Le pont suspendu a la réputation d’être un gadget touristique. Je veux être honnête à ce sujet : c’est un gadget touristique, et la vue depuis là-haut est extraordinaire, et ces deux choses sont simultanément vraies. Le pont est tendu entre deux sommets, une passerelle courbée au-dessus d’une vallée qui plonge dans une jungle dense, et quand on s’y trouve avec l’air du matin qui le traverse et les cimes des arbres visibles en dessous et, par beau temps, toute la côte andamanaise visible jusqu’à l’horizon — l’absurdité de la file d’attente se dissout complètement. J’ai passé vingt minutes simplement appuyé à la rambarde à regarder vers le nord-ouest en direction de la Thaïlande, observant les ombres des nuages se déplacer sur la mer en contrebas.

En redescendant, j’ai pris la bretelle de la station intermédiaire pour voir le deuxième point du téléphérique et j’ai finalement passé plus de temps que prévu à observer ce que j’étais assez sûr d’identifier comme un galéopithèque — un singe volant — plaqué à plat contre l’écorce d’un arbre près du bâtiment de la station, si immobile et avec une texture si proche de l’écorce que j’avais failli passer devant. Un enfant d’un groupe scolaire l’a signalé, ce qui était humiliant. Les guides tout proches l’ont reconnu immédiatement et ont rassemblé les enfants autour. Pendant cinq minutes, au milieu d’une attraction de téléphérique très fréquentée, nous avons tous observé en silence un planeur nocturne qui avait mal lu les horaires.

Vue longue portée depuis la station supérieure de Gunung Mat Cincang au lever du soleil, avec de la brume remplissant les vallées et la mer d'Andaman scintillant au loin

La descente à pied est techniquement possible par un sentier de jungle depuis la station intermédiaire — j’ai rencontré des gens qui l’ont fait et qui le décrivent avec cette combinaison d’orgueil et de léger traumatisme qui suggère que ce n’était pas entièrement simple. La plupart des gens reprennent le téléphérique, ce qui est l’option raisonnable à moins d’avoir des chaussures adaptées et trois heures à passer confortablement sur un chemin pentu dont l’entretien peut varier selon la saison.

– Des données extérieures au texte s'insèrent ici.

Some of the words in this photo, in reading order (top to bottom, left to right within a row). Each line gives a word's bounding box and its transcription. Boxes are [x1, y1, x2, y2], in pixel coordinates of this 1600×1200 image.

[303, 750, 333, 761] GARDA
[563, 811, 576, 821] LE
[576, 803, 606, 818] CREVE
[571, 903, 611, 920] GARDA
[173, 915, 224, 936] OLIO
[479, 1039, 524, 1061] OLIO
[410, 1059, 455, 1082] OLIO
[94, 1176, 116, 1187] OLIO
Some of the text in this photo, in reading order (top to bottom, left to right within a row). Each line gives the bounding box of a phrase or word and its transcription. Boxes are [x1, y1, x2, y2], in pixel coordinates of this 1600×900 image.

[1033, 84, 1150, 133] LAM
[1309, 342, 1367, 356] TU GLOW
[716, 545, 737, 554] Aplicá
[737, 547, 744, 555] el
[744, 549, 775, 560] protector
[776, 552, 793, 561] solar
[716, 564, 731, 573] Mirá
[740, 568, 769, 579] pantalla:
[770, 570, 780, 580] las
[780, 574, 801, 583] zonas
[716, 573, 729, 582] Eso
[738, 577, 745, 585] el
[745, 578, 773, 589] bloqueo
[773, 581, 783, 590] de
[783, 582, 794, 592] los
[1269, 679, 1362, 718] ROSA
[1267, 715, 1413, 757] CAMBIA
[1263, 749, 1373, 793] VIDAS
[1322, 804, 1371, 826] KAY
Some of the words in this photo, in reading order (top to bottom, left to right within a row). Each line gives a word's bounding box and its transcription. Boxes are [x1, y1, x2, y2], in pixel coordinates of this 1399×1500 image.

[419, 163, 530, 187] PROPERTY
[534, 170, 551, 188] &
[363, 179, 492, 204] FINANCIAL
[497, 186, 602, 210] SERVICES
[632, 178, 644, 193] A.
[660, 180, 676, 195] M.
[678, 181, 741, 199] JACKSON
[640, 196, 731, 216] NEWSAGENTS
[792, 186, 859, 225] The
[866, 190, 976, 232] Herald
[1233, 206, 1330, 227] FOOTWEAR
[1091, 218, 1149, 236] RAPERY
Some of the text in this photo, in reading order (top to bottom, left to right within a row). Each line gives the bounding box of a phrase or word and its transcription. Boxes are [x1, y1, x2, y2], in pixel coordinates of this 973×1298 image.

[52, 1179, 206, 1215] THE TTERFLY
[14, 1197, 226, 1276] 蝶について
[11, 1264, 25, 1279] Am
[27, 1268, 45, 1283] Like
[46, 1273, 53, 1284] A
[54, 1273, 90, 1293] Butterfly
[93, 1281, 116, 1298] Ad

Quand y aller : De novembre à février, les jours sont les plus dégagés et les chances de voir la Thaïlande à l’horizon sont les meilleures. Partez tôt — la première cabine part vers neuf heures, mais les files s’allongent vite après dix heures et la brume s’installe généralement avant midi. Le téléphérique ferme par grand vent et forte pluie ; les mois de mousson du sud-ouest de juin à septembre apportent des fermetures fréquentes et une couverture nuageuse persistante qui élimine complètement les vues.